There are 242 posts out of 5915 posts so far that contain a reblog. So about 4% of posts.

What percentage of students have used the reblog facility?

There are 338 students who have posts in the system. 80 of those students have used reblog. About 24%.

What percentage of each student’s total number of posts use reblog?

The figures above suggest that those students who are using reblog are averaging about 3 reblogs. With the average total number of posts per student at 17.5.

Somewhat alarmingly however, is the observation that the top two rebloggers have 25 and 18 reblogs respectively. Given that by this stage of semester 30 posts would be a good number of have written, this is a little worrying.

But the chart below suggests otherwise. It shows that the students who are reblogging lots are also posting lots. There are one or two who are getting close to a 50% split. Will need to explore those a bit more closely.

What percentage of each reblog is original content?

Appears that the reblogs average about 33% of the content being original. In other words, the original post written by someone else (on average) makes up two-thirds of the post. There are 20 odd posts that have less than 10% of the post being original content. These appear to be examples of where “Great post” or similar is the original contribution.

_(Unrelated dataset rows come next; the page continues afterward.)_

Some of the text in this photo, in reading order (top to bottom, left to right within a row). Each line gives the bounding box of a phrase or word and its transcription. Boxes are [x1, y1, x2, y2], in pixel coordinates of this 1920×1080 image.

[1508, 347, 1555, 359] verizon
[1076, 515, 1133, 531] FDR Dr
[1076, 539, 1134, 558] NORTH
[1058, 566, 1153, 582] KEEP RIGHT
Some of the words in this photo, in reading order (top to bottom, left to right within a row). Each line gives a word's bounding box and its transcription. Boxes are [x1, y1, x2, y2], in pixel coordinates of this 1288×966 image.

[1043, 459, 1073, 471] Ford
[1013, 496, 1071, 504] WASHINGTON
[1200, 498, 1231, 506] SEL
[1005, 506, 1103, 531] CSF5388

The question is whether these students are getting any advantage in terms of marks through this practice?

For the second assignment there are 6 students who are getting some small benefit from reblogging. Of these 6 only 2 have multiple reblogs (4 and 2).

The simplified WordPress tag structure is



Conclusions

Some quick, initial conclusions based on the above

There isn’t any evidence of widespread use of the reblogging feature to corrupt the task.

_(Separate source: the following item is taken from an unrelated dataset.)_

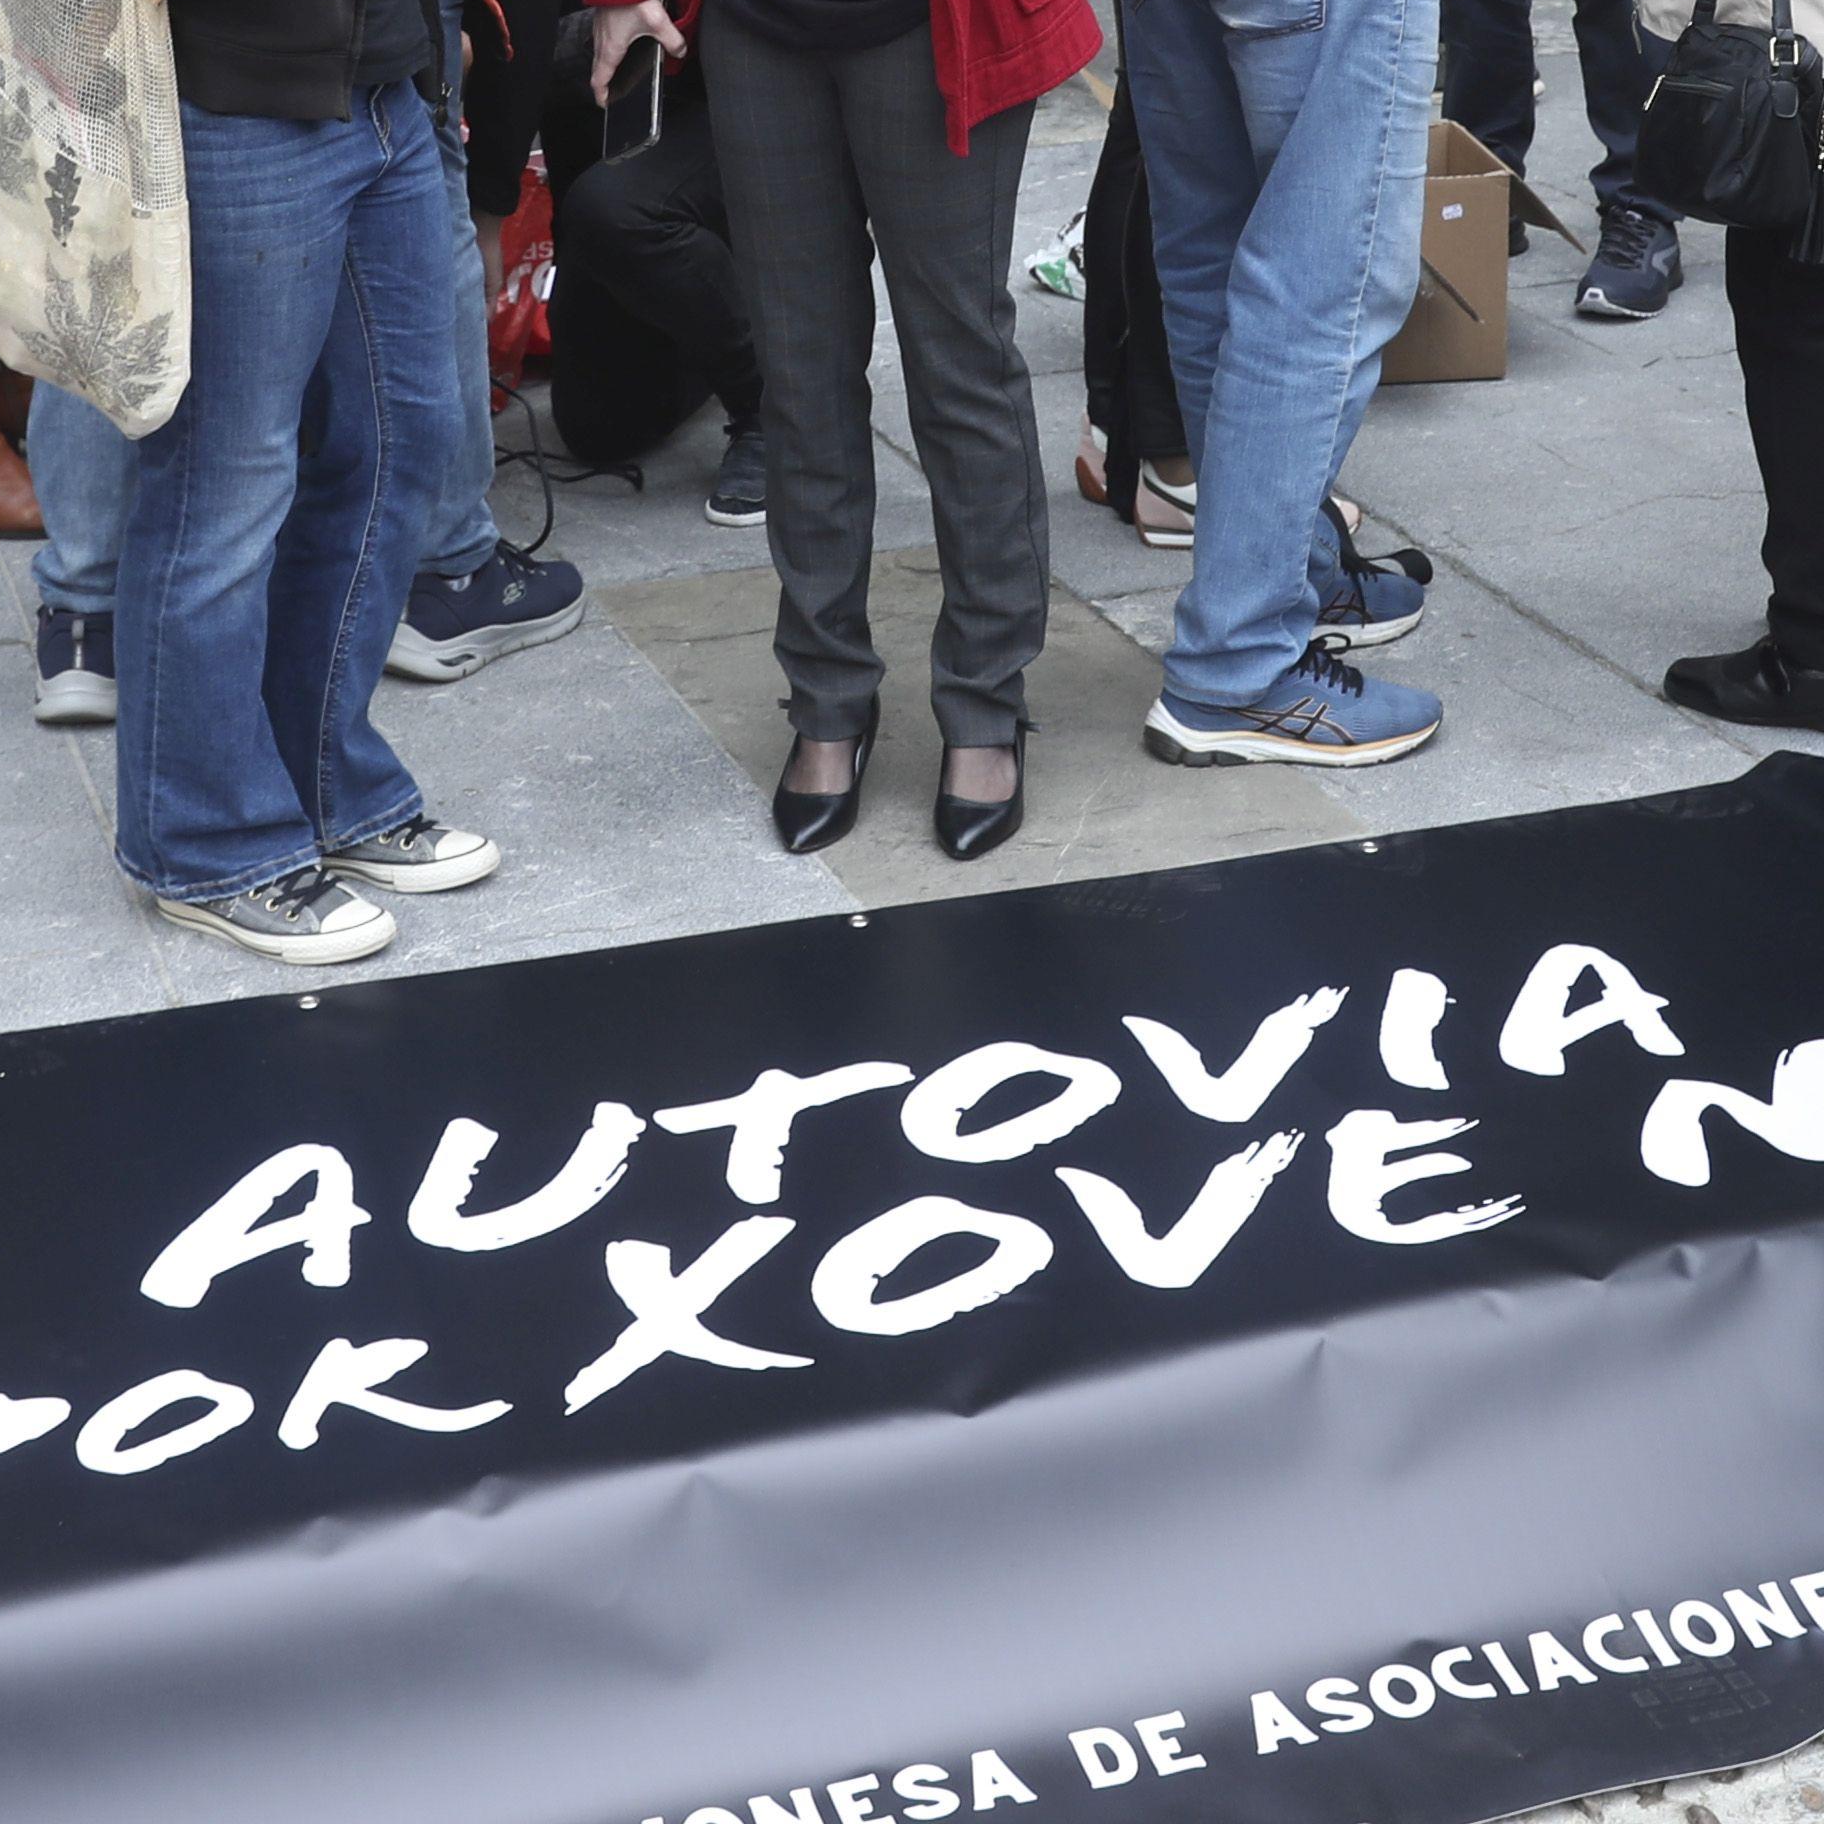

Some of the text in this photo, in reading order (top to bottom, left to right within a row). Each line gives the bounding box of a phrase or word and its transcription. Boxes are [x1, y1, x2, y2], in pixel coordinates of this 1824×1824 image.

[140, 944, 1685, 1308] AUTOVIA
[564, 1110, 1526, 1415] XOVE
[1068, 1710, 1207, 1789] DE

The rise of this practice has only appeared this year as a result of slight changes in the tools used and perhaps a group of students who are more familiar with other social media than blogging (i.e more ready to adopt the retweet approach in blogging).

Reblogging appears to challenge some of the more traditional notions of ownership held by some students.

e.g. the idea that by reblogging others are trying to steal their ideas, rather than providing an affirmation of those ideas and trying to spread them further.

Though perhaps the major concern was students being seen as getting a free ride.

I still have the tendency to assume students are seeking to corrupt the task, other than looking for other more relevant explanations.

Exploring reasons and actions at the student level would likely reveal more interesting negotiations and understandings.

All of the above need to be thought about and explored some more. One of these days.